Cyclic Nacklace
Time Limit: 2000/1000 MS (Java/Others) Memory Limit: 32768/32768 K (Java/Others)
Total Submission(s): 7375 Accepted Submission(s): 3210
Problem Description
CC always becomes very depressed at the end of this month, he has checked his credit card yesterday, without any surprise, there are only 99.9 yuan left. he is too distressed and thinking about how to tide over the last days. Being inspired by the entrepreneurial spirit of "HDU CakeMan", he wants to sell some little things to make money. Of course, this is not an easy task.
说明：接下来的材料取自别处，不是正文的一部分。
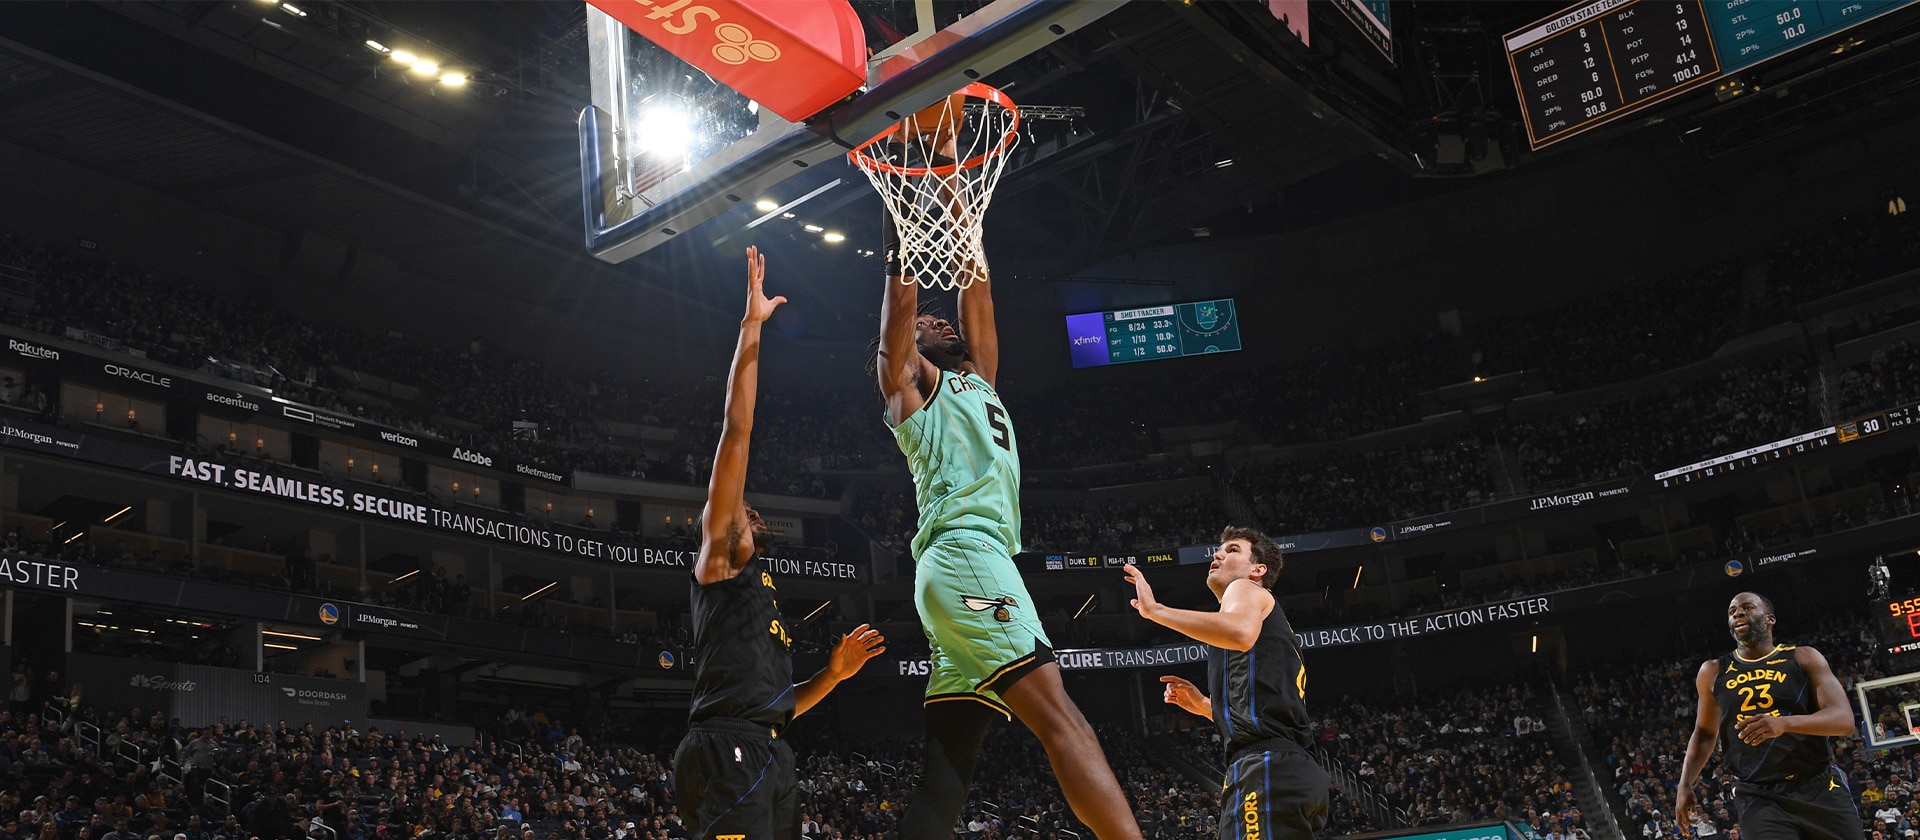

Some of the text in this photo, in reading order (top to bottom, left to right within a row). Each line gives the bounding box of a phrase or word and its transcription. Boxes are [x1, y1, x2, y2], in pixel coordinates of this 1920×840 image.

[1545, 13, 1576, 34] GOLDEN
[1577, 4, 1600, 23] STATE
[1618, 10, 1635, 21] BLK
[1622, 4, 1683, 35] TO 3
[1732, 8, 1801, 25] STL 50.0
[1842, 3, 1861, 16] FT%
[1626, 19, 1688, 51] POT 13
[1736, 23, 1806, 40] 2P% 10.0
[1529, 28, 1588, 59] AST 8
[1631, 34, 1693, 65] PITP 14
[1741, 44, 1760, 56] 3P%
[1533, 42, 1591, 73] OREB 3
[1635, 49, 1697, 80] FG% 41.4
[1537, 57, 1596, 88] DREB 12
[1639, 64, 1701, 96] FT% 100.0
[1541, 72, 1599, 102] STL 6
[1544, 87, 1603, 116] 2P% 50.0
[1548, 102, 1607, 131] 3P% 30.8
[1120, 308, 1165, 319] SHOT TRACKER
[1128, 322, 1146, 332] 8/24
[1073, 335, 1102, 346] xfinity
[1131, 334, 1147, 344] 1/10
[9, 339, 60, 361] Rakuten
[1133, 347, 1146, 356] 1/2
[104, 363, 171, 388] ORACLE
[206, 392, 259, 412] accenture
[1889, 408, 1909, 419] TOL 7
[1905, 416, 1911, 425] 0
[984, 401, 1011, 452] 5
[1863, 418, 1880, 434] 30
[0, 426, 79, 450] J.P.Morgan PAYMENTS
[380, 430, 418, 447] verizon
[452, 447, 492, 467] Adobe
[1663, 438, 1828, 488] 8 3 12 6 0 3 13 14
[516, 463, 563, 482] ticketmaster
[1658, 471, 1670, 479] AST
[1530, 486, 1629, 511] J.P.Morgan PAYMENTS
[169, 455, 229, 488] FAST,
[233, 469, 350, 511] SEAMLESS,
[352, 492, 428, 524] SECURE
[431, 508, 551, 548] TRANSACTIONS
[554, 533, 573, 552] TO
[577, 538, 603, 558] GET
[607, 544, 637, 563] YOU
[643, 548, 685, 567] BACK
[805, 561, 856, 579] FASTER
[1069, 558, 1086, 566] DUKE
[1087, 557, 1097, 566] 97
[1146, 554, 1173, 563] FINAL
[1758, 552, 1797, 566] J.P.Morgan
[357, 613, 398, 628] J.P.Morgan
[1055, 652, 1104, 669] CURE
[1106, 644, 1209, 667] TRANSACTION
[1294, 633, 1315, 648] OU
[1320, 627, 1361, 646] BACK
[1363, 624, 1385, 641] TO
[1387, 619, 1420, 639] THE
[1425, 608, 1484, 633] ACTION
[1488, 597, 1549, 622] FASTER
[149, 675, 196, 692] Sports
[253, 673, 270, 684] 104
[1725, 669, 1787, 689] GOLDEN
[298, 689, 347, 701] DOORDASH
[1737, 683, 1774, 712] 23
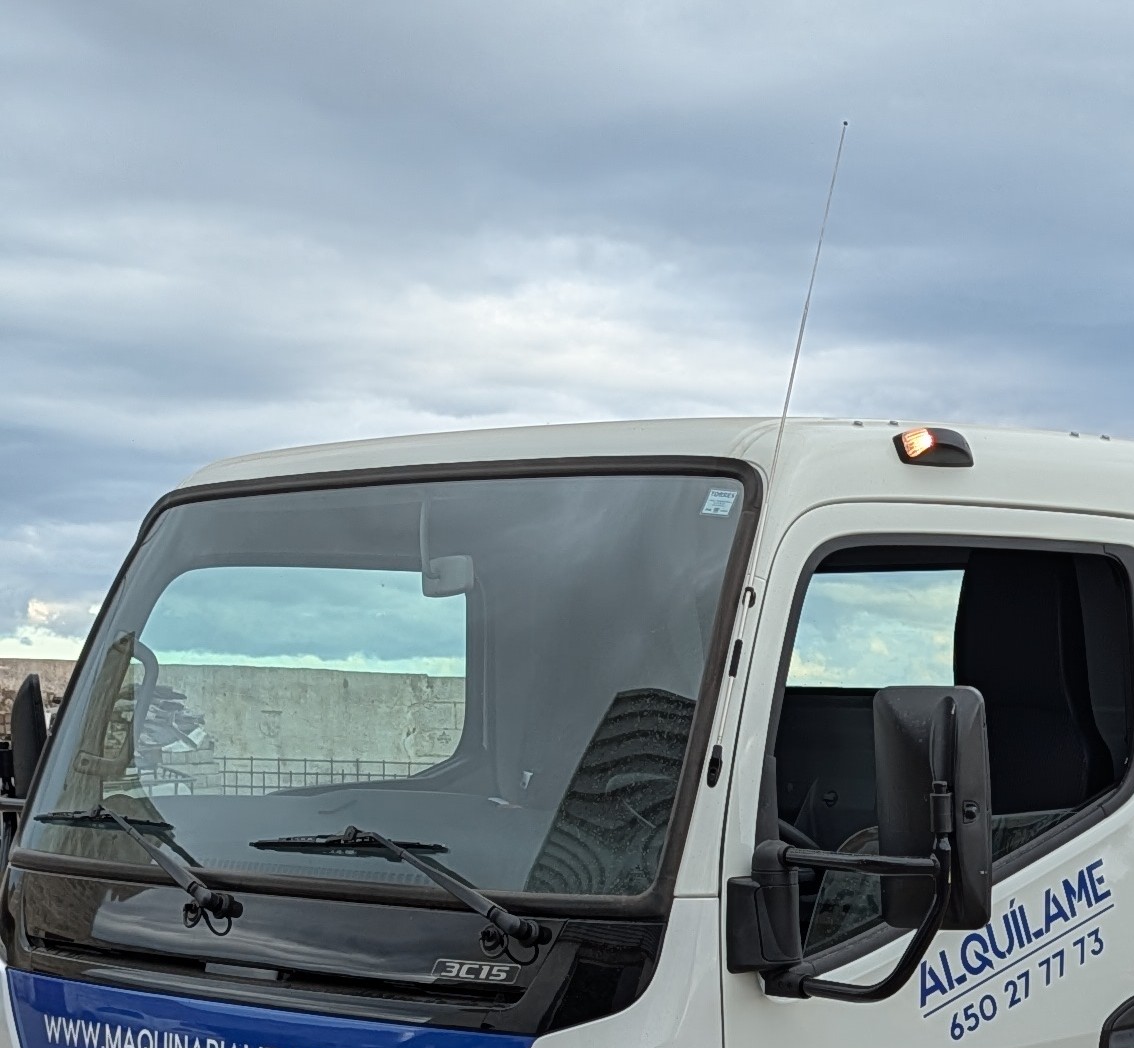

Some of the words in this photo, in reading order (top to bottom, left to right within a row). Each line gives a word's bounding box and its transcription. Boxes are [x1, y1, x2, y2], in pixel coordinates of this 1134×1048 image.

As Christmas is around the corner, Boys are busy in choosing christmas presents to send to their girlfriends. It is believed that chain bracelet is a good choice. However, Things are not always so simple, as is known to everyone, girl's fond of the colorful decoration to make bracelet appears vivid and lively, meanwhile they want to display their mature side as college students. after CC understands the girls demands, he intends to sell the chain bracelet called CharmBracelet. The CharmBracelet is made up with colorful pearls to show girls' lively, and the most important thing is that it must be connected by a cyclic chain which means the color of pearls are cyclic connected from the left to right. And the cyclic count must be more than one. If you connect the leftmost pearl and the rightmost pearl of such chain, you can make a CharmBracelet. Just like the pictrue below, this CharmBracelet's cycle is 9 and its cyclic count is 2:
Now CC has brought in some ordinary bracelet chains, he wants to buy minimum number of pearls to make CharmBracelets so that he can save more money. but when remaking the bracelet, he can only add color pearls to the left end and right end of the chain, that is to say, adding to the middle is forbidden.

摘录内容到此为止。